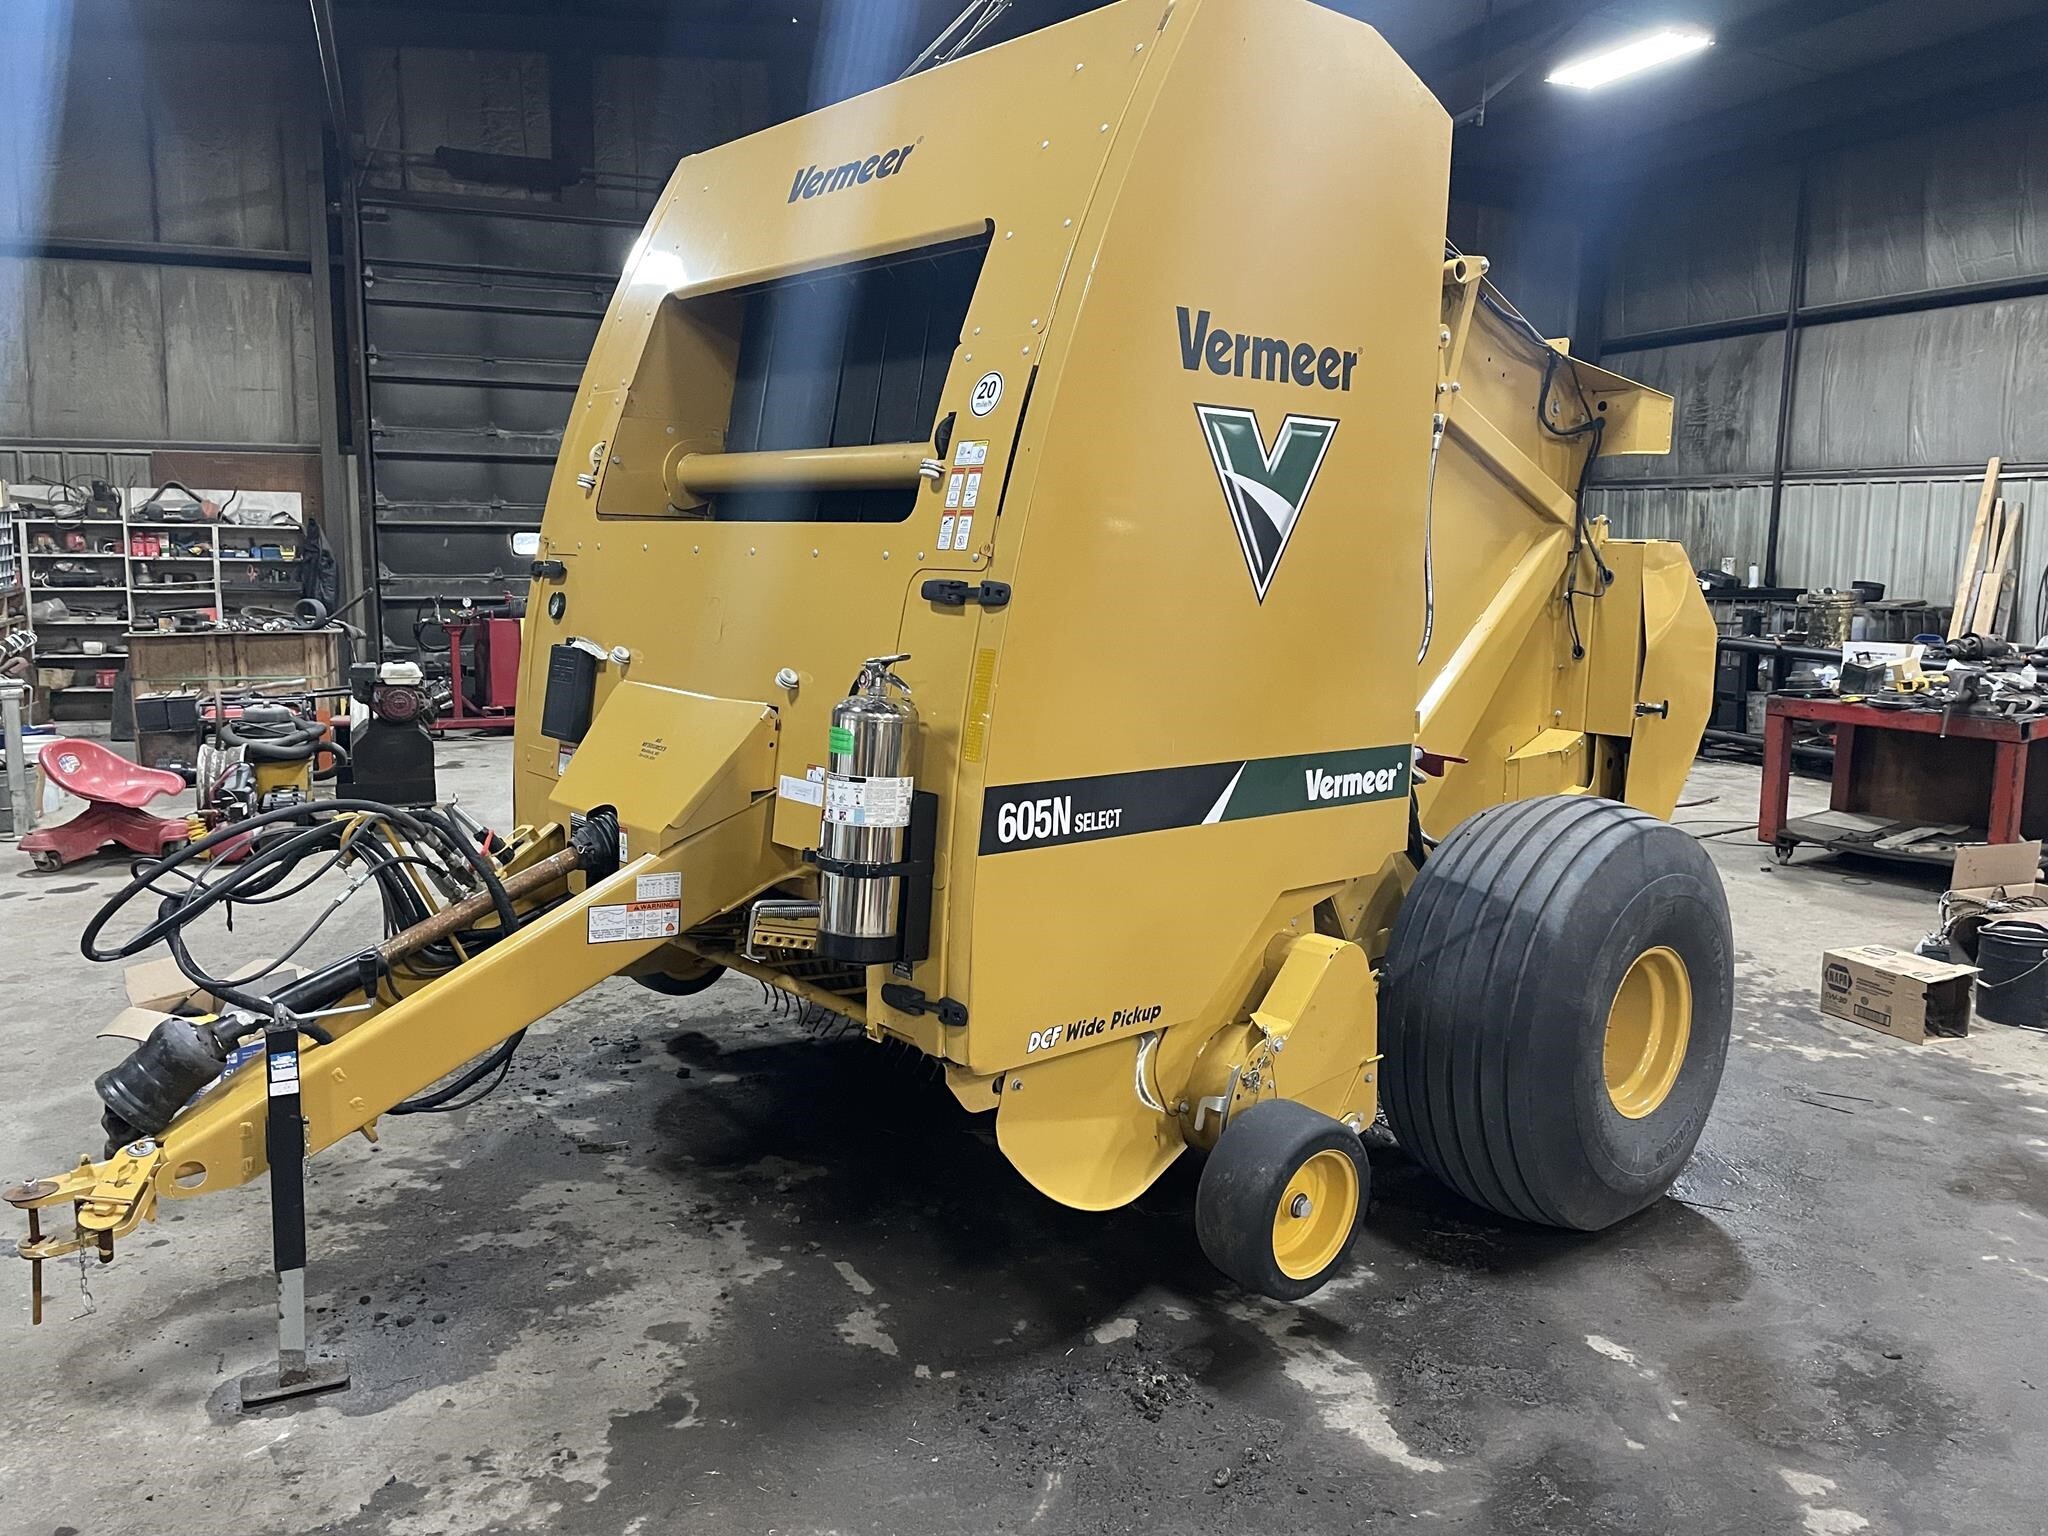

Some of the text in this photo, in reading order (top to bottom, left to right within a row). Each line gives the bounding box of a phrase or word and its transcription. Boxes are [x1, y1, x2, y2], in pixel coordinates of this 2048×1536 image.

[787, 143, 915, 204] Vermeer
[1176, 305, 1358, 391] Vermeer
[976, 380, 997, 400] 20
[1305, 768, 1397, 801] Vermeer
[998, 795, 1122, 843] 605N SELECT
[640, 901, 674, 910] WARNING
[1827, 968, 1849, 989] NAPA
[1026, 1005, 1162, 1054] DCF Wide Pickup
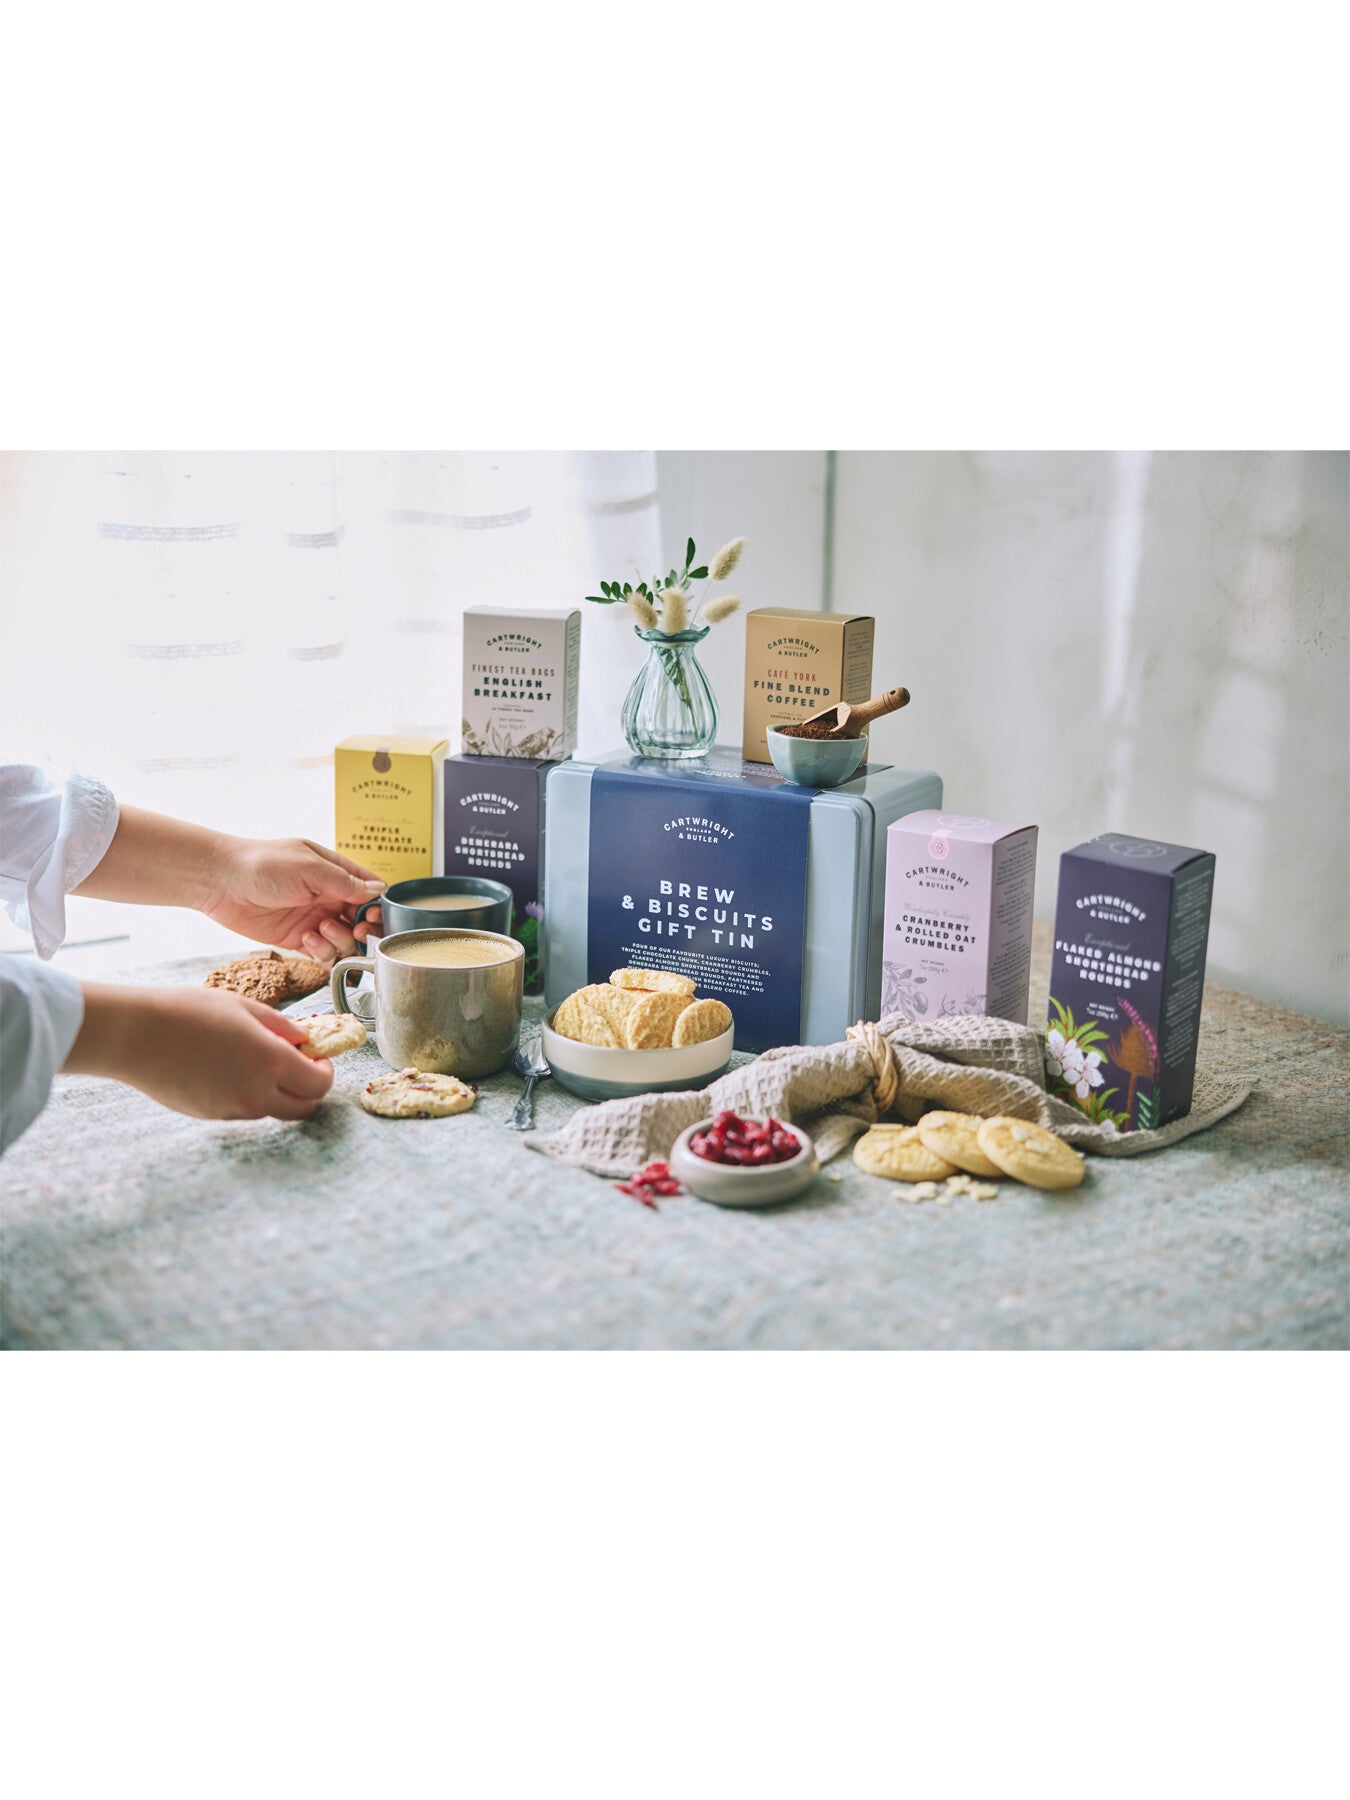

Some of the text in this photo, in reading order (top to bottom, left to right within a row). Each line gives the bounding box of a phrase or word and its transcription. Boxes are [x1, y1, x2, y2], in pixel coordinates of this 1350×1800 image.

[486, 634, 542, 649] CARTWRIGHT
[767, 638, 820, 654] CARTWRIGHT
[472, 664, 555, 676] FINEST TEA BAGS
[767, 669, 816, 682] CAFÉ YORK
[484, 677, 543, 688] ENGLISH
[754, 680, 830, 696] FINE BLEND
[474, 689, 552, 701] BREAKFAST
[767, 695, 815, 707] COFFEE
[460, 793, 519, 812] CARTWRIGHT
[364, 826, 400, 834] TRIPLE
[664, 817, 735, 840] CARTWRIGHT
[352, 834, 412, 844] CHOCOLATE
[461, 837, 519, 850] DEMERARA
[687, 834, 718, 844] BUTLER
[338, 842, 427, 854] CHUNK BISCUITS
[455, 846, 525, 861] SHORTBREAD
[468, 857, 511, 869] ROUNDS
[906, 866, 970, 888] CARTWRIGHT
[660, 880, 735, 904] BREW
[926, 882, 954, 891] BUTLER
[622, 895, 773, 931] & BISCUITS
[1076, 894, 1147, 922] CARTWRIGHT
[903, 915, 970, 932] CRANBERRY
[1090, 909, 1130, 925] & BUTLER
[638, 918, 754, 949] GIFT TIN
[907, 926, 949, 939] ROLLED
[955, 934, 976, 944] OAT
[905, 937, 965, 952] CRUMBLES
[643, 950, 676, 960] CHOCOLATE
[702, 960, 736, 970] CRANBERRY
[673, 950, 704, 959] FAVOURITE
[1056, 940, 1161, 972] FLAKED ALMOND
[629, 960, 659, 969] DEMERARA
[661, 966, 698, 975] SHORTBREAD
[728, 977, 763, 986] PARTNERED
[681, 963, 719, 972] SHORTBREAD
[1065, 954, 1149, 981] SHORTBREAD
[704, 979, 737, 988] BREAKFAST
[1080, 969, 1131, 989] ROUNDS
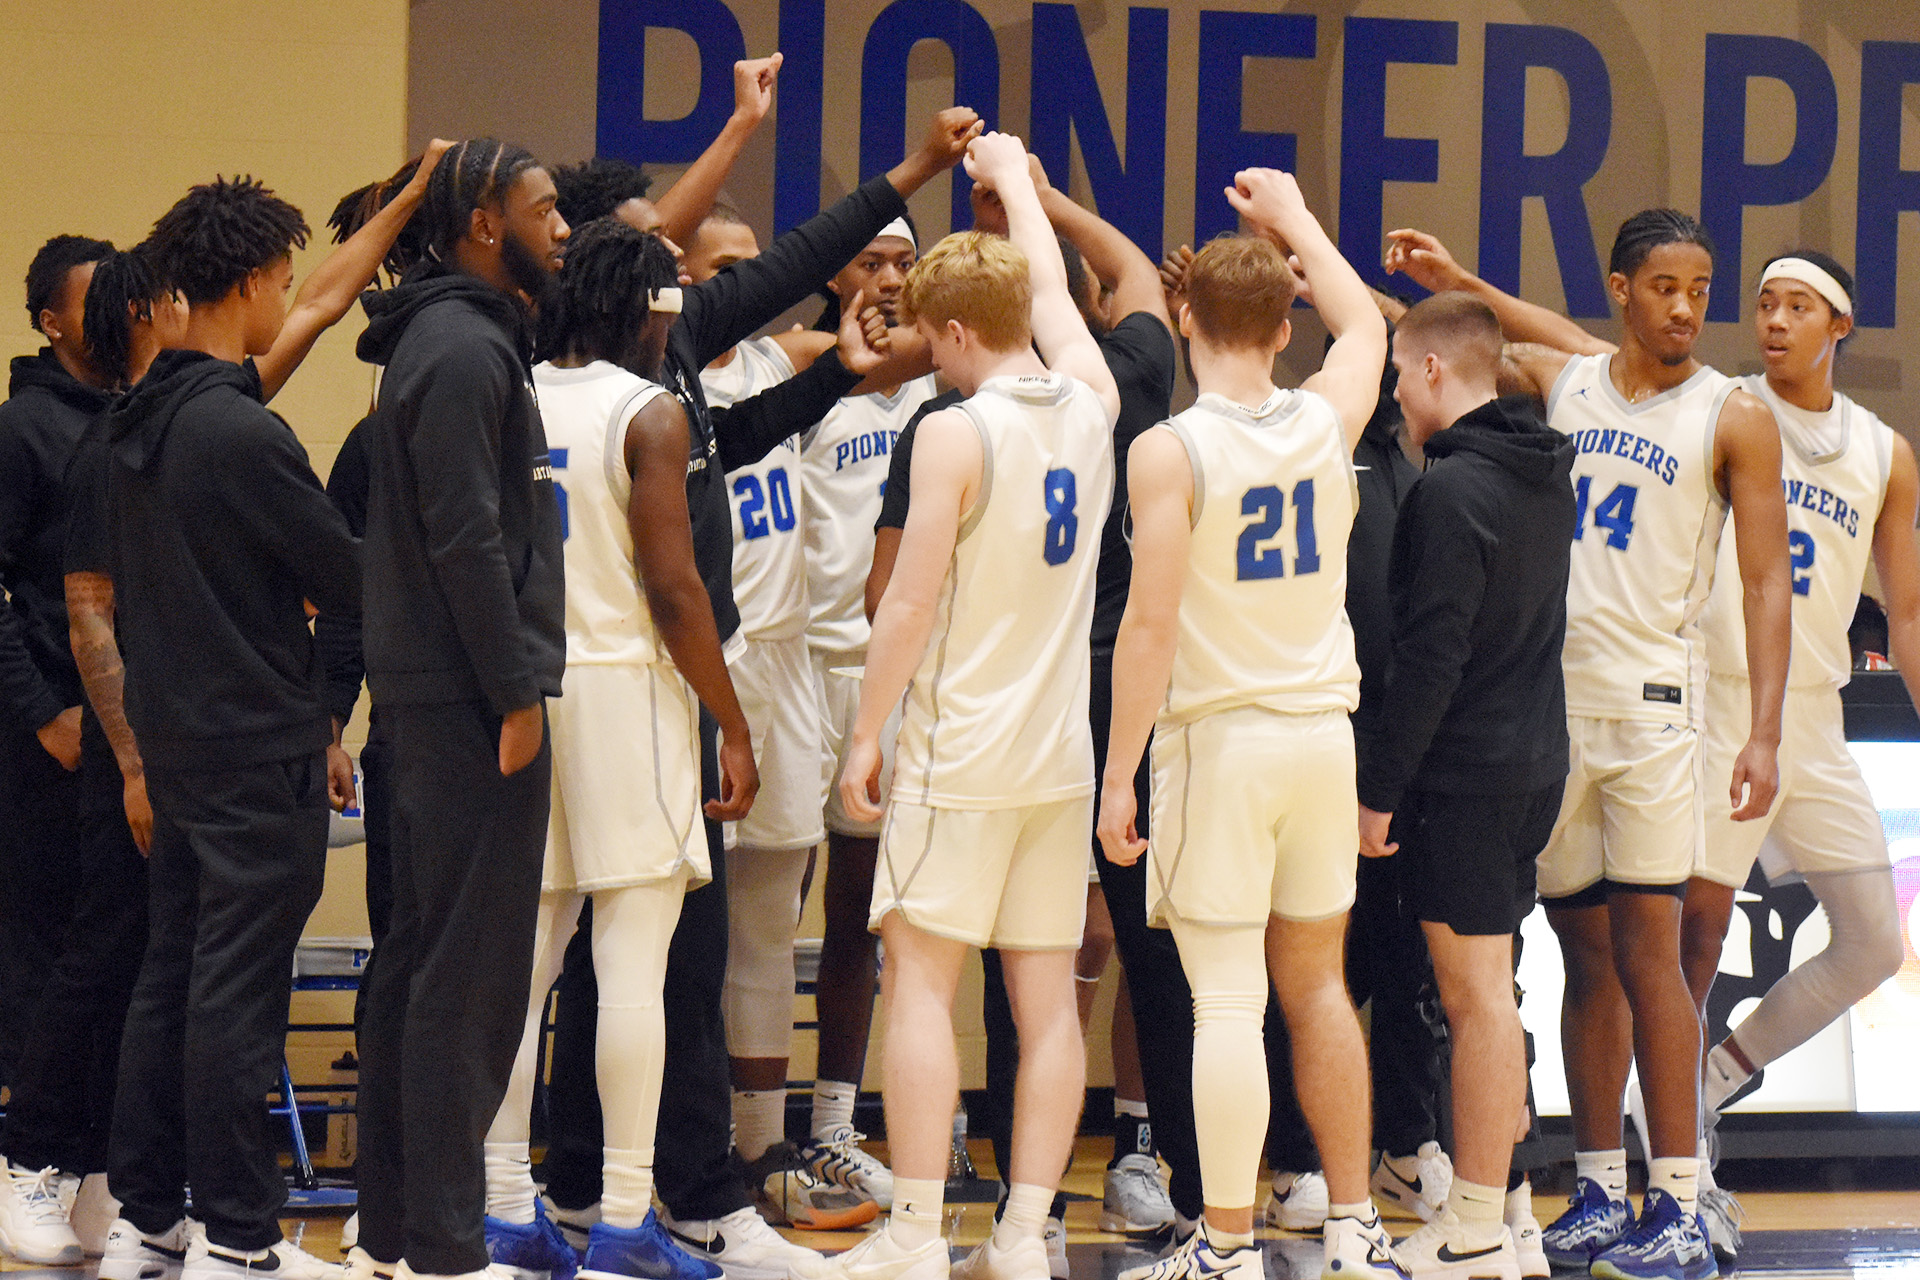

==========

◆ **EXERCISE**
A faithful copy of each entry is required, and no picture may be carried into it.

◆ **WRITTEN RESPONSE**
Some of the text in this photo, in reading order (top to bottom, left to right within a row). Each line gives the bounding box of a phrase or word and its transcription. Boxes are [x1, y1, x2, y2], in pixel coordinates of this 2048×1536 image.

[787, 143, 915, 204] Vermeer
[1176, 305, 1358, 391] Vermeer
[976, 380, 997, 400] 20
[1305, 768, 1397, 801] Vermeer
[998, 795, 1122, 843] 605N SELECT
[640, 901, 674, 910] WARNING
[1827, 968, 1849, 989] NAPA
[1026, 1005, 1162, 1054] DCF Wide Pickup

Some of the text in this photo, in reading order (top to bottom, left to right within a row). Each line gives the bounding box of a phrase or word and its transcription. Boxes are [x1, y1, x2, y2], in pixel coordinates of this 1350×1800 image.

[486, 634, 542, 649] CARTWRIGHT
[767, 638, 820, 654] CARTWRIGHT
[472, 664, 555, 676] FINEST TEA BAGS
[767, 669, 816, 682] CAFÉ YORK
[484, 677, 543, 688] ENGLISH
[754, 680, 830, 696] FINE BLEND
[474, 689, 552, 701] BREAKFAST
[767, 695, 815, 707] COFFEE
[460, 793, 519, 812] CARTWRIGHT
[364, 826, 400, 834] TRIPLE
[664, 817, 735, 840] CARTWRIGHT
[352, 834, 412, 844] CHOCOLATE
[461, 837, 519, 850] DEMERARA
[687, 834, 718, 844] BUTLER
[338, 842, 427, 854] CHUNK BISCUITS
[455, 846, 525, 861] SHORTBREAD
[468, 857, 511, 869] ROUNDS
[906, 866, 970, 888] CARTWRIGHT
[660, 880, 735, 904] BREW
[926, 882, 954, 891] BUTLER
[622, 895, 773, 931] & BISCUITS
[1076, 894, 1147, 922] CARTWRIGHT
[903, 915, 970, 932] CRANBERRY
[1090, 909, 1130, 925] & BUTLER
[638, 918, 754, 949] GIFT TIN
[907, 926, 949, 939] ROLLED
[955, 934, 976, 944] OAT
[905, 937, 965, 952] CRUMBLES
[643, 950, 676, 960] CHOCOLATE
[702, 960, 736, 970] CRANBERRY
[673, 950, 704, 959] FAVOURITE
[1056, 940, 1161, 972] FLAKED ALMOND
[629, 960, 659, 969] DEMERARA
[661, 966, 698, 975] SHORTBREAD
[728, 977, 763, 986] PARTNERED
[681, 963, 719, 972] SHORTBREAD
[1065, 954, 1149, 981] SHORTBREAD
[704, 979, 737, 988] BREAKFAST
[1080, 969, 1131, 989] ROUNDS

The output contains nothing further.